- What the exercise asks -
Write out all the records exactly, and keep any images out.

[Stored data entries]
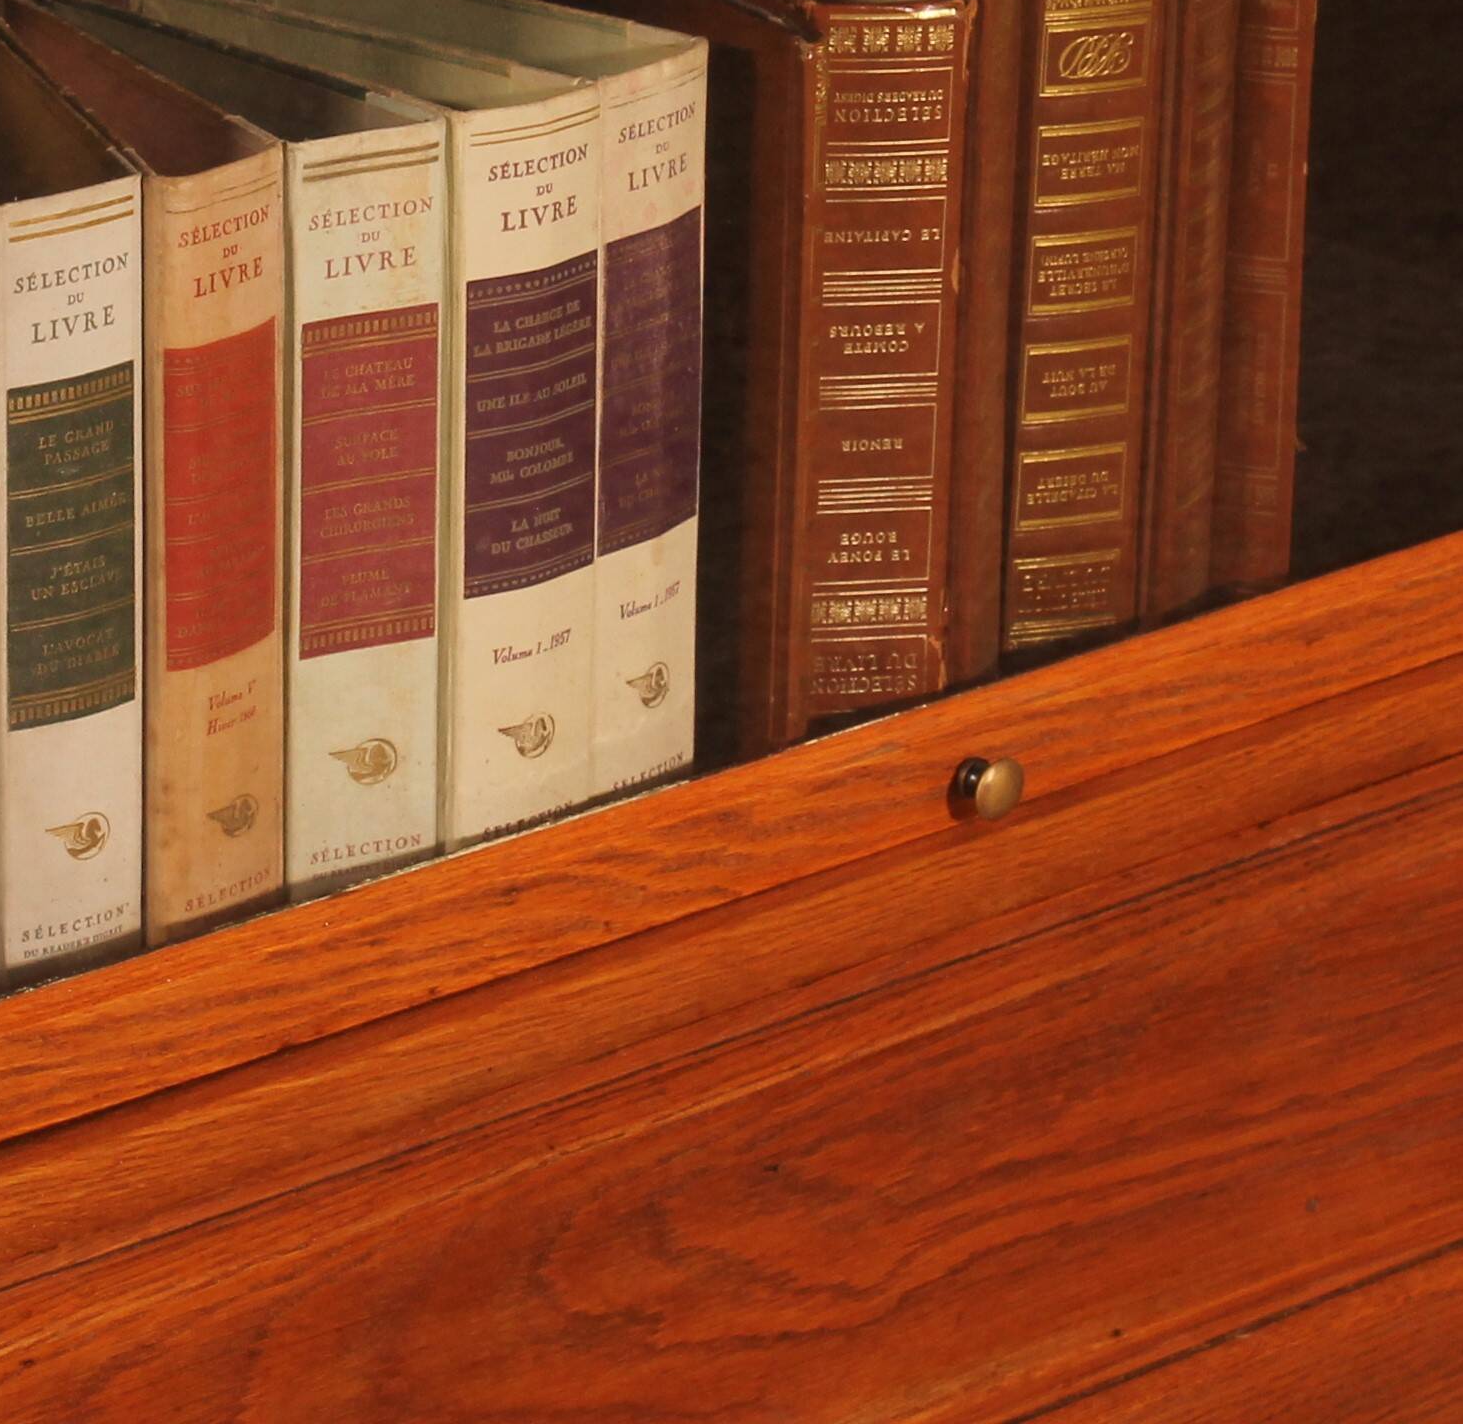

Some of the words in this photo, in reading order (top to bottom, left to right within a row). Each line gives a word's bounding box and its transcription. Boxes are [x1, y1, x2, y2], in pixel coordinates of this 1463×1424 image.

[655, 141, 669, 155] DU
[488, 143, 589, 182] SÉLECTION
[628, 152, 688, 192] LIVRE
[1060, 165, 1102, 180] TERRE
[536, 182, 553, 196] DU
[308, 196, 434, 232] SÉLECTION
[501, 194, 578, 232] LIVRE
[178, 204, 271, 248] SÉLECTION
[361, 230, 381, 243] DU
[824, 228, 912, 244] CAPITAINE
[921, 228, 940, 241] LE
[223, 244, 239, 259] DU
[325, 246, 417, 280] LIVRE
[13, 252, 129, 294] SÉLECTION
[194, 256, 264, 298] LIVRE
[67, 293, 85, 305] DU
[31, 304, 116, 344] LIVRE
[493, 320, 511, 333] LA
[829, 323, 906, 338] REBOURS
[914, 322, 926, 333] A
[843, 340, 909, 354] COMPTE
[38, 434, 58, 450] LE
[64, 420, 114, 446] GRAND
[842, 438, 904, 452] RENOIR
[44, 440, 111, 466] PASSAGE
[25, 508, 75, 527] BELLE
[510, 518, 529, 533] LA
[840, 531, 898, 546] ROUGE
[491, 540, 511, 555] DU
[891, 549, 911, 561] LE
[827, 550, 883, 564] PONEY
[30, 586, 54, 601] UN
[620, 601, 651, 620] Volume
[492, 646, 533, 665] Volume
[309, 834, 422, 865] SÉLECTION

- Problem solution -
Some of the words in this photo, in reading order (top to bottom, left to right within a row). Each line gives a word's bounding box and its transcription. Boxes are [x1, y1, x2, y2], in pixel coordinates of this 1463×1424 image.

[655, 141, 669, 155] DU
[488, 143, 589, 182] SÉLECTION
[628, 152, 688, 192] LIVRE
[1060, 165, 1102, 180] TERRE
[536, 182, 553, 196] DU
[308, 196, 434, 232] SÉLECTION
[501, 194, 578, 232] LIVRE
[178, 204, 271, 248] SÉLECTION
[361, 230, 381, 243] DU
[824, 228, 912, 244] CAPITAINE
[921, 228, 940, 241] LE
[223, 244, 239, 259] DU
[325, 246, 417, 280] LIVRE
[13, 252, 129, 294] SÉLECTION
[194, 256, 264, 298] LIVRE
[67, 293, 85, 305] DU
[31, 304, 116, 344] LIVRE
[493, 320, 511, 333] LA
[829, 323, 906, 338] REBOURS
[914, 322, 926, 333] A
[843, 340, 909, 354] COMPTE
[38, 434, 58, 450] LE
[64, 420, 114, 446] GRAND
[842, 438, 904, 452] RENOIR
[44, 440, 111, 466] PASSAGE
[25, 508, 75, 527] BELLE
[510, 518, 529, 533] LA
[840, 531, 898, 546] ROUGE
[491, 540, 511, 555] DU
[891, 549, 911, 561] LE
[827, 550, 883, 564] PONEY
[30, 586, 54, 601] UN
[620, 601, 651, 620] Volume
[492, 646, 533, 665] Volume
[309, 834, 422, 865] SÉLECTION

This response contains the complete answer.